MATERIALS PROVIDED Start Marker

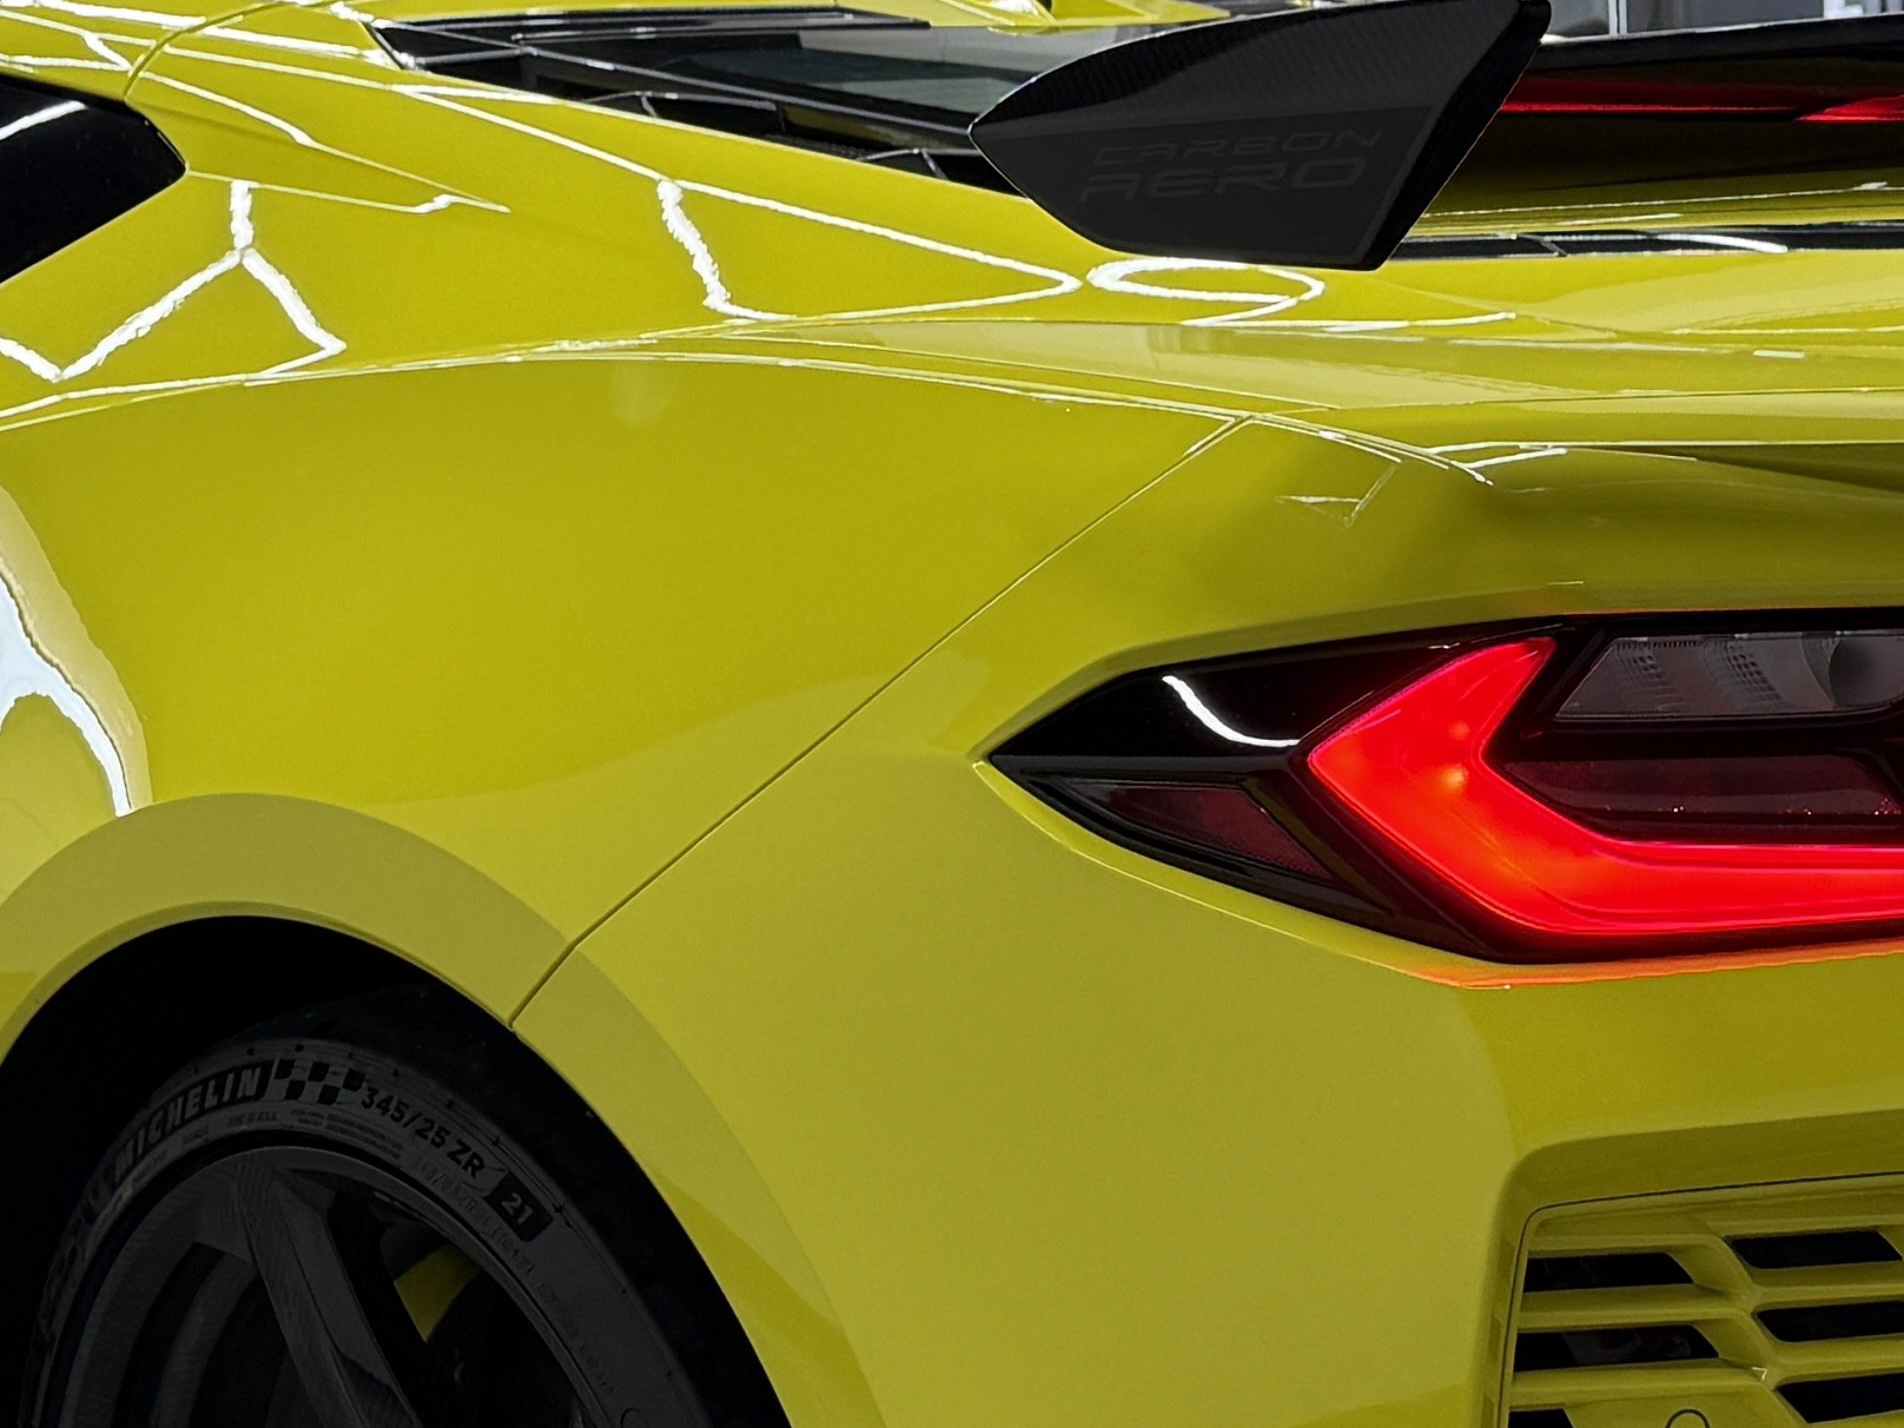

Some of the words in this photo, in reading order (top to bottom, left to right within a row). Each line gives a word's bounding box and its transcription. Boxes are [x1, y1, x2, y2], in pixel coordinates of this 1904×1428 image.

[1094, 128, 1382, 165] CARBON
[1078, 156, 1367, 204] AERO
[114, 1065, 264, 1181] MICHELIN
[361, 1085, 451, 1149] 345/25
[447, 1138, 488, 1179] ZR
[499, 1191, 534, 1225] 21

MATERIALS PROVIDED End Marker

ASSIGNMENT
Your copy of the entries above must be exact and must not include pictures.

FINISHED TASK
Some of the words in this photo, in reading order (top to bottom, left to right within a row). Each line gives a word's bounding box and its transcription. Boxes are [x1, y1, x2, y2], in pixel coordinates of this 1904×1428 image.

[1094, 128, 1382, 165] CARBON
[1078, 156, 1367, 204] AERO
[114, 1065, 264, 1181] MICHELIN
[361, 1085, 451, 1149] 345/25
[447, 1138, 488, 1179] ZR
[499, 1191, 534, 1225] 21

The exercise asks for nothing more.